Chashu (Pork Belly)

When you want to make an Asian style soup and feel like being fancy, then why not make some Traditional Chashu (pork belly).

On the weekends, my goal is to tap into my creative right brain and try out new recipes. This particular weekend I wanted to make Asian style pork that went well with the Asian style soup. This pork recipe would go well as a side dish.
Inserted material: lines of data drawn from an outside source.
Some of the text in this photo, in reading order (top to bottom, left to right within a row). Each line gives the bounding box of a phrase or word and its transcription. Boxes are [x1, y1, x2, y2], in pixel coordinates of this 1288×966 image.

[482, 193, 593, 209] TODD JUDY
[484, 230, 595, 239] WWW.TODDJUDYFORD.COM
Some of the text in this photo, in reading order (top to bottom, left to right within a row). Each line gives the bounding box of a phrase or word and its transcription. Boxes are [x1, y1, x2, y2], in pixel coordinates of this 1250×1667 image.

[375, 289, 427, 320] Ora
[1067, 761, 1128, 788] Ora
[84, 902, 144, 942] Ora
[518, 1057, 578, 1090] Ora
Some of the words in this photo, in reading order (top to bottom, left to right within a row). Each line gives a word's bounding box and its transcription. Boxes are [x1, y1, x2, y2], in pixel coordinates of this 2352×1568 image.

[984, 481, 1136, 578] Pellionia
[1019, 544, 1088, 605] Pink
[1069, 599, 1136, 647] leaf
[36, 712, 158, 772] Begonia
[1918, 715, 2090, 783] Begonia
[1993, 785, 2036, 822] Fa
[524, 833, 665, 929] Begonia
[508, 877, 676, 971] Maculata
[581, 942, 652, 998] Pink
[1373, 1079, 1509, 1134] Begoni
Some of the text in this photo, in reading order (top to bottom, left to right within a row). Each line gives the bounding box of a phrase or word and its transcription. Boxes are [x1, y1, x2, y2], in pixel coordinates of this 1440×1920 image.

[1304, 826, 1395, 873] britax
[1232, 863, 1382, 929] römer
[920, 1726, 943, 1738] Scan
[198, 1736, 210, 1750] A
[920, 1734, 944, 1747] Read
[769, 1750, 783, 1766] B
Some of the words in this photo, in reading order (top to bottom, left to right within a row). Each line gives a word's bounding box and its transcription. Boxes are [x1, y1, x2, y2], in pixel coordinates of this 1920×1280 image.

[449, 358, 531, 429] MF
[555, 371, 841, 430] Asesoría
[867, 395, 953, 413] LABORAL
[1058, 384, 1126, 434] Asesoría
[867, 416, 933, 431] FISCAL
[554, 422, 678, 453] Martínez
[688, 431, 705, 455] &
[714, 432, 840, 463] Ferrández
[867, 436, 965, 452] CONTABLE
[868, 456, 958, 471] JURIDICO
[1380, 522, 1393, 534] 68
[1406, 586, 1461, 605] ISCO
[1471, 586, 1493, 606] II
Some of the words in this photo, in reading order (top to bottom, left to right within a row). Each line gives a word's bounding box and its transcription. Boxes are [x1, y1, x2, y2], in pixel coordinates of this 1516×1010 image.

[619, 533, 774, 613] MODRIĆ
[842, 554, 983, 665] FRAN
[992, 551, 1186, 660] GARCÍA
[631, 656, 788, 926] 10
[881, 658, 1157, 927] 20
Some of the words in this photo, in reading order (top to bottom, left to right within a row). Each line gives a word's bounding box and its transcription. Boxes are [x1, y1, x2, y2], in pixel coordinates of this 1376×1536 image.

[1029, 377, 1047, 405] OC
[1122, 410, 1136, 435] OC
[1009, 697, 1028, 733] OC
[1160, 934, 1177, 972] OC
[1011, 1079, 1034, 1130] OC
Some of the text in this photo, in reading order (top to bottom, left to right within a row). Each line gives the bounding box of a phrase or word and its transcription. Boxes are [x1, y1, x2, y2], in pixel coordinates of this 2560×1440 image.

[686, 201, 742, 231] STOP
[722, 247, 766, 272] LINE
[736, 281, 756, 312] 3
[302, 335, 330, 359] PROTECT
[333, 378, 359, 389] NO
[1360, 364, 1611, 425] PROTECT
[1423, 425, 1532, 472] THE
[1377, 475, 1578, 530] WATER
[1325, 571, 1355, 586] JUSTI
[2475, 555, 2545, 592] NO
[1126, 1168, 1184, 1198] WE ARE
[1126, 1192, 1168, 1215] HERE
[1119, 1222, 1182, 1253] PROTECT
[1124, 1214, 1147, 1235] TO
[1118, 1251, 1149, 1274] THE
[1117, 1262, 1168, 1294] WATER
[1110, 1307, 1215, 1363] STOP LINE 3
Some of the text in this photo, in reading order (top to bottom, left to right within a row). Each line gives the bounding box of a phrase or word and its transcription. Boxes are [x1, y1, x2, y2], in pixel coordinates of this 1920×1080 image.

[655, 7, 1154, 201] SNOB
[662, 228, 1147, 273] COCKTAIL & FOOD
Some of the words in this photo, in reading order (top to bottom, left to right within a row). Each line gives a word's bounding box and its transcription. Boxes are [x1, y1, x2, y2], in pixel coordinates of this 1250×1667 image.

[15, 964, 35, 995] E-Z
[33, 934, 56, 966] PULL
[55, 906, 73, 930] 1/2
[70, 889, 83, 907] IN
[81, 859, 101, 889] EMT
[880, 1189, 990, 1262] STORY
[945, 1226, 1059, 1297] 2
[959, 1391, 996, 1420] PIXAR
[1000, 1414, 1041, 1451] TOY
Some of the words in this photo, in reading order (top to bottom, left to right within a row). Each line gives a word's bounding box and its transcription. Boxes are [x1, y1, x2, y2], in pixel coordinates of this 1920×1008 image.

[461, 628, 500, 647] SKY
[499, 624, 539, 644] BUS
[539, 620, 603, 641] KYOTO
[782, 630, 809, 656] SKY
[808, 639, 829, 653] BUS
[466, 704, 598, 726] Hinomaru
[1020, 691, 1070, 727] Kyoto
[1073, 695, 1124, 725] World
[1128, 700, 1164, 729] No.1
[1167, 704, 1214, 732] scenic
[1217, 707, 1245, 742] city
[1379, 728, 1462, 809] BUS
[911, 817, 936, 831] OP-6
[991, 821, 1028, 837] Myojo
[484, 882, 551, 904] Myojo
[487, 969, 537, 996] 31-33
Only thing I needed to improve is getting that pork belly skin all crispy.


Pork Chashu


  • 1 kg pork belly block, cut in half
  • 1 tsp kosher salt
  • 1  tbs canola oil
  • 2 inch ginger, sliced
  • 1 green onion stalk, cut in 1 inch, green and white separated
  • 1/3 cup sake
  • 1/3 cup soy sauce
  • 3 tsp sugar
  • 1 1/2 tbs coconut oil

For Marinade

  • 1/4 cup soy
  • 1 tbs Chinese 5 spice
  • 2 tbs rice wine vinegar
  • 4 tbs kosher salt


  1. For Marinade: mix pork with 1/4 cup soy, 5 spice, and rice wine vinegar for 6-8 hours
  2. Rinse and pat dry, and set aside
  3. Season entire pork  liberally with kosher salt
  4. In a frying pan heat coconut oil
  5. Once the pan is hot to a sizzle brown all sides of pork belly starting skin side down; about 10 minutes
  6. While pork belly is browning in a deep pot combine 3/4 cup water, soy sauce, sake, sugar and mix well
  7. Put the pork belly skin side up, green onion, and ginger into the pot; the liquid should be just under the skin
  8. Place a drop lid on top of the meat; Otoshibuta
  9. Simmer on medium heat, occasionally turning for about 1 hour
  10. Remove drop lid and cook remaining liquid until its thick and bubbly, this will take about 20 min
  11. Once the sauce is thick and meat is shiny remove from pot and cut into thin slices
  12. You can eat this on its own or have it in soup!